**Exercise material:**
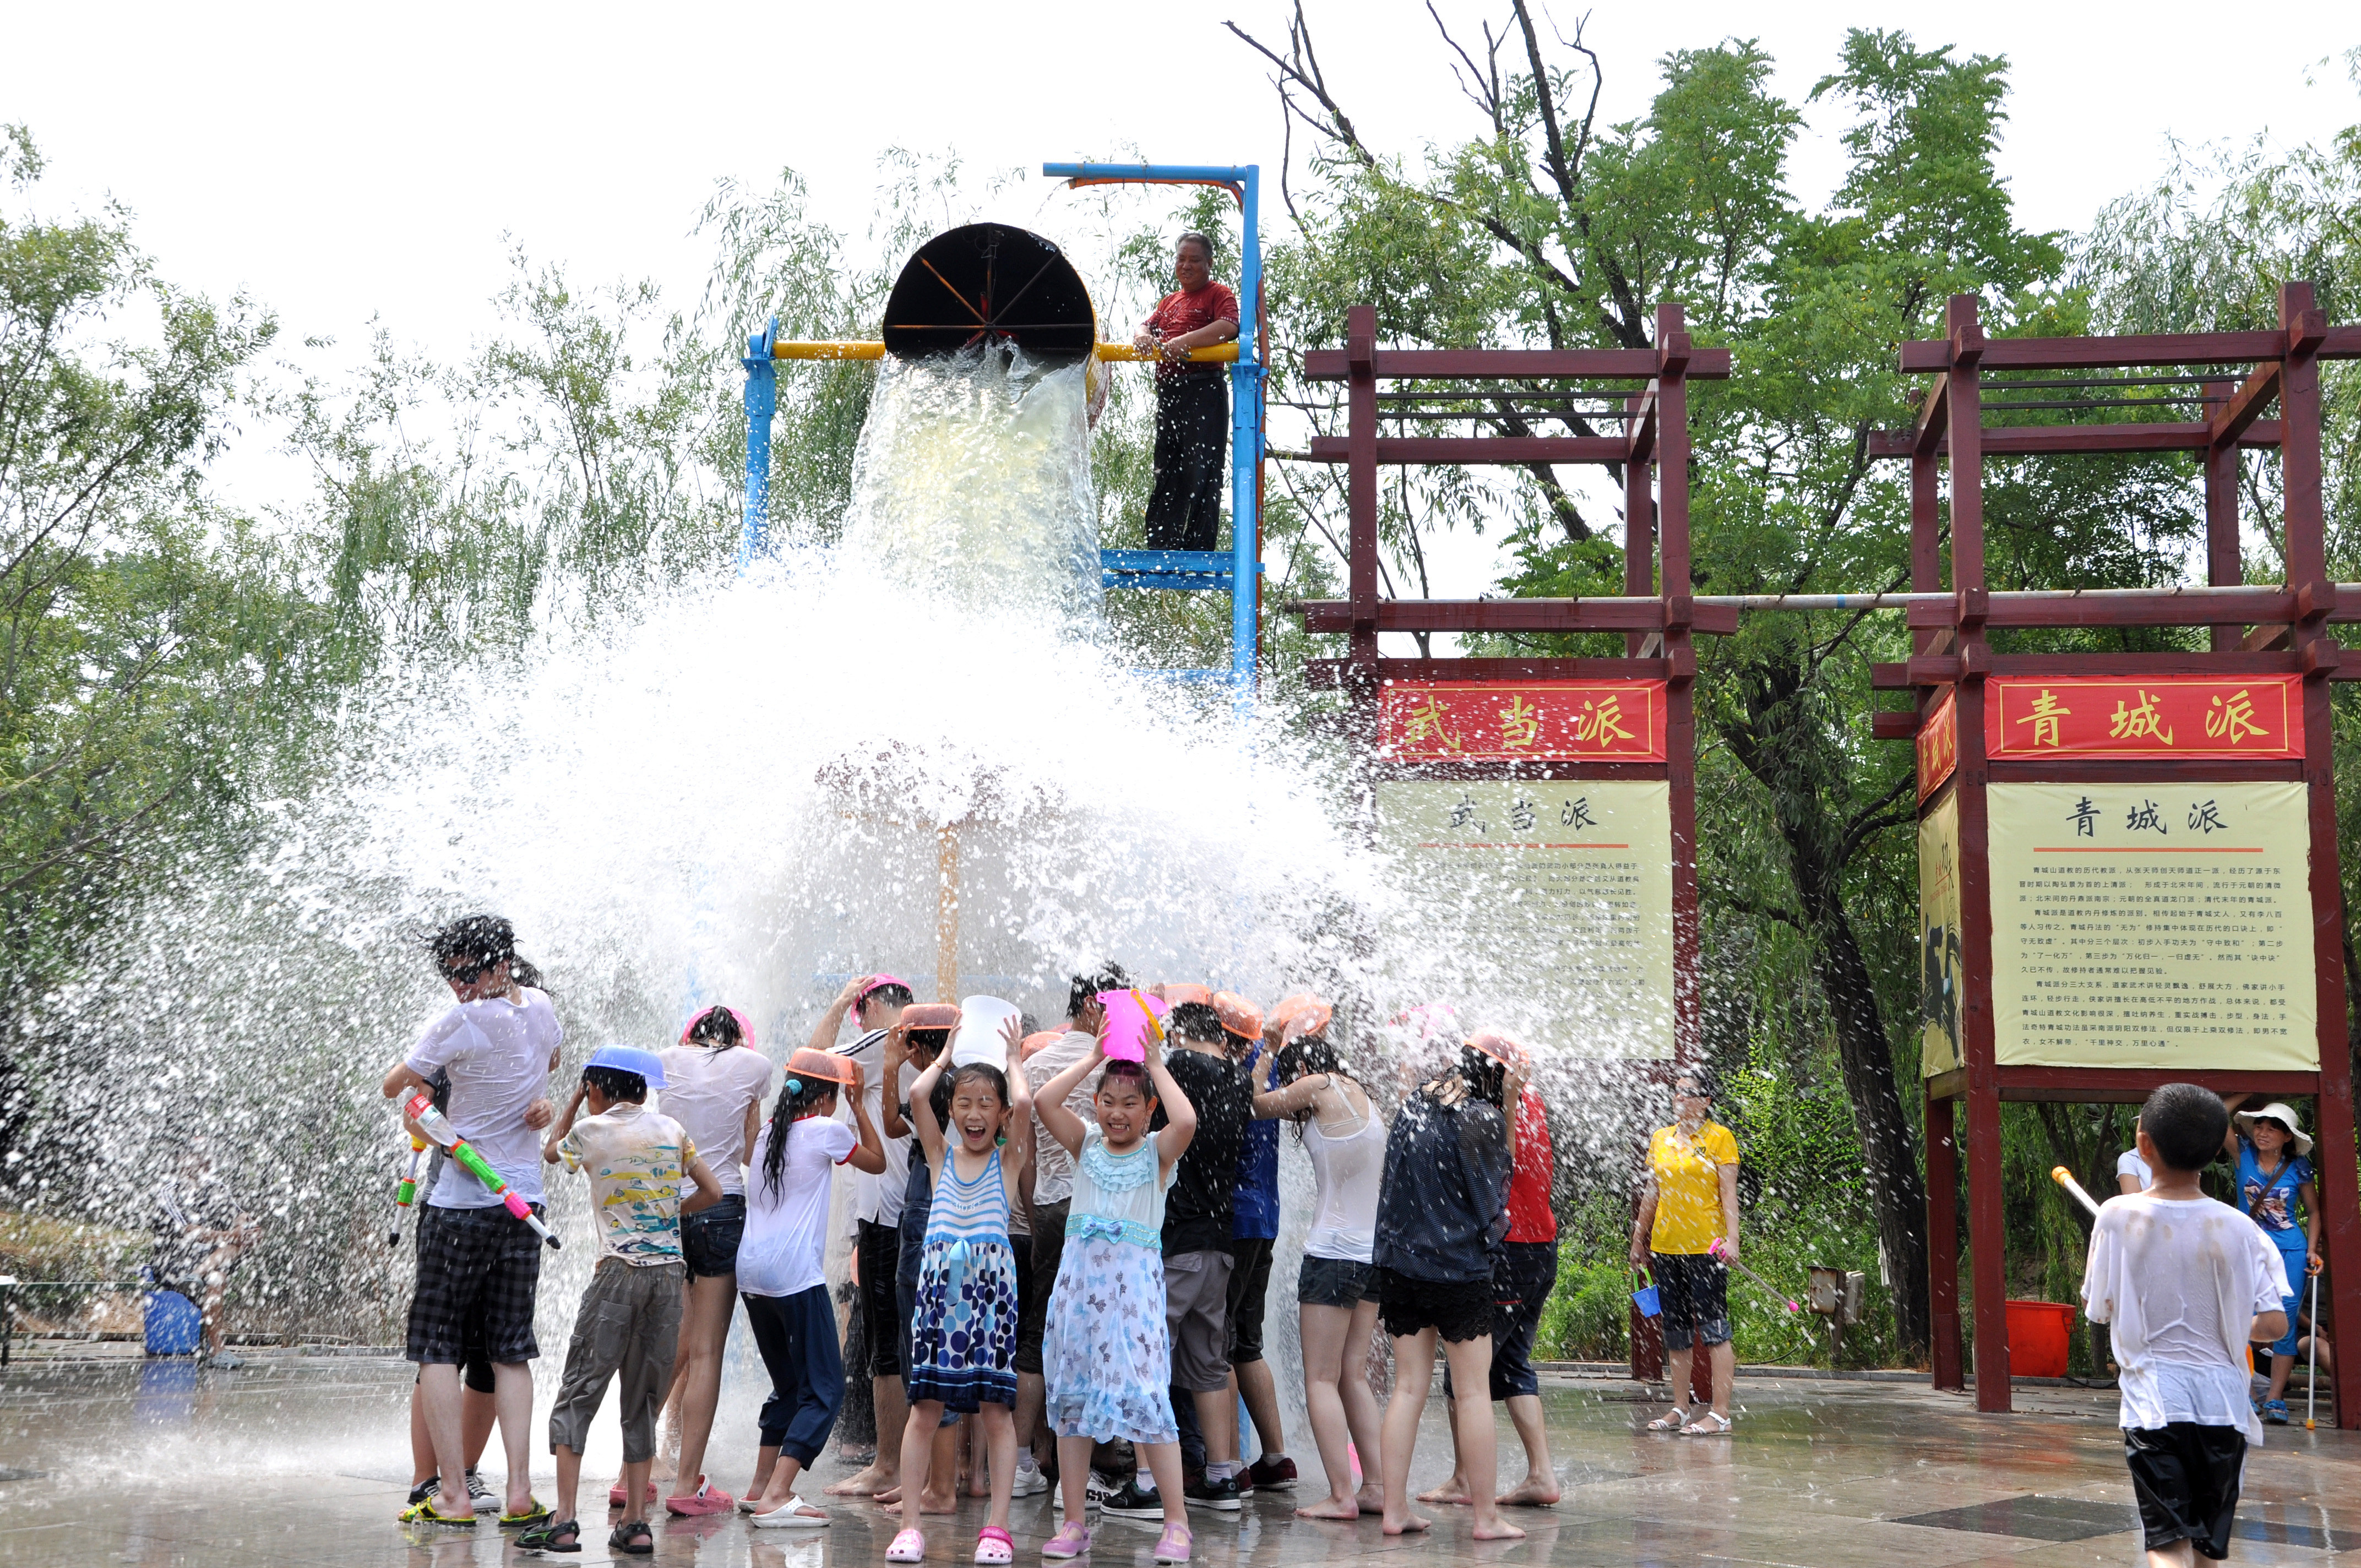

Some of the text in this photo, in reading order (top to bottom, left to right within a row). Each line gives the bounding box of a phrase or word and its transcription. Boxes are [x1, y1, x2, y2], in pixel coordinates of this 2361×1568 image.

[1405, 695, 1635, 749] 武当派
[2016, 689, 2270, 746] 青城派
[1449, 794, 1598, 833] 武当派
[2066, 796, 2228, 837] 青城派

**Exercise aim:** What is needed is an exact copy of the entries above, with no images in it.

**Response area:**
Some of the text in this photo, in reading order (top to bottom, left to right within a row). Each line gives the bounding box of a phrase or word and its transcription. Boxes are [x1, y1, x2, y2], in pixel coordinates of this 2361×1568 image.

[1405, 695, 1635, 749] 武当派
[2016, 689, 2270, 746] 青城派
[1449, 794, 1598, 833] 武当派
[2066, 796, 2228, 837] 青城派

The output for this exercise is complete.